The economist who taught governments that spending is not sin.
John Maynard Keynes was the Cambridge-trained British economist who rewrote the rules of capitalism in the wreckage of the Great Depression, arguing that markets left to themselves do not self-correct — they collapse, and only deliberate public spending can break the fall.
He was a man of staggering contradictions: a creature of elite Bloomsbury aesthetics who championed the dignity of the unemployed; a speculator who nearly went bankrupt twice and still lectured the world on financial prudence; a civil servant who attended peace conferences and prophesied catastrophe when no one would listen.
His General Theory of Employment, Interest and Money (1936) remains the most consequential work of economics in the twentieth century — and the most fiercely contested.
This exhibit draws from Keynes's published writings, lectures, memoranda, and correspondence to reconstruct his intellectual presence. Ask him about the Great Depression, the folly of the gold standard, the peace terms he warned would shatter Europe, or the theory that still divides economists today.

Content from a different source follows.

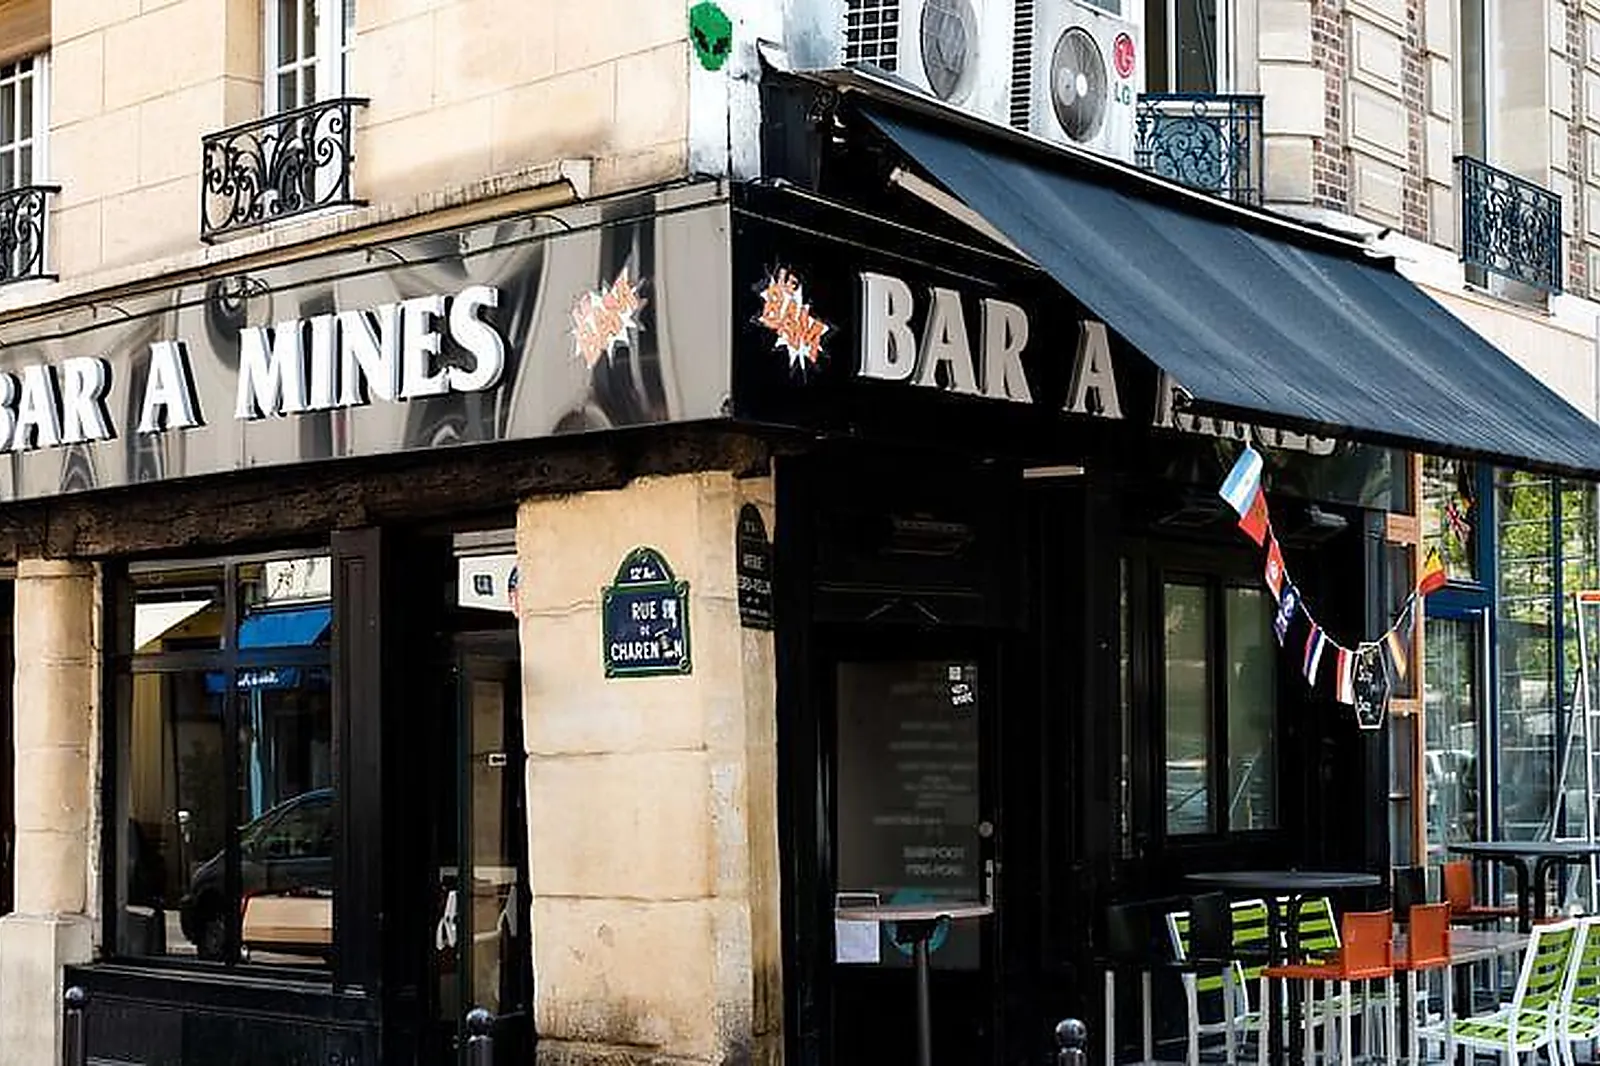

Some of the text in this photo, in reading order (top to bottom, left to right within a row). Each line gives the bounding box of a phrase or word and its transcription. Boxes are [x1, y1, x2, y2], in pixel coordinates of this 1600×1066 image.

He will not flatter you. He was famously impatient with those who mistook thrift for virtue when the economy was already in freefall. But he will reason with you — carefully, precisely, and with an eye for the paradox that correct ideas often fail because they arrive before their moment.
The difficulty lies not in the new ideas, but in escaping from the old ones, which ramify into every corner of our minds.
Conversation starters to consider: Was the deficit a blank cheque to governments? What did he truly mean by the long run? How did it feel to predict the catastrophe of Versailles and watch Europe prove him right?
In the long run we are all dead. Economists set themselves too easy, too useless a task if in tempestuous seasons they can only tell us that when the storm is long past the ocean is flat again.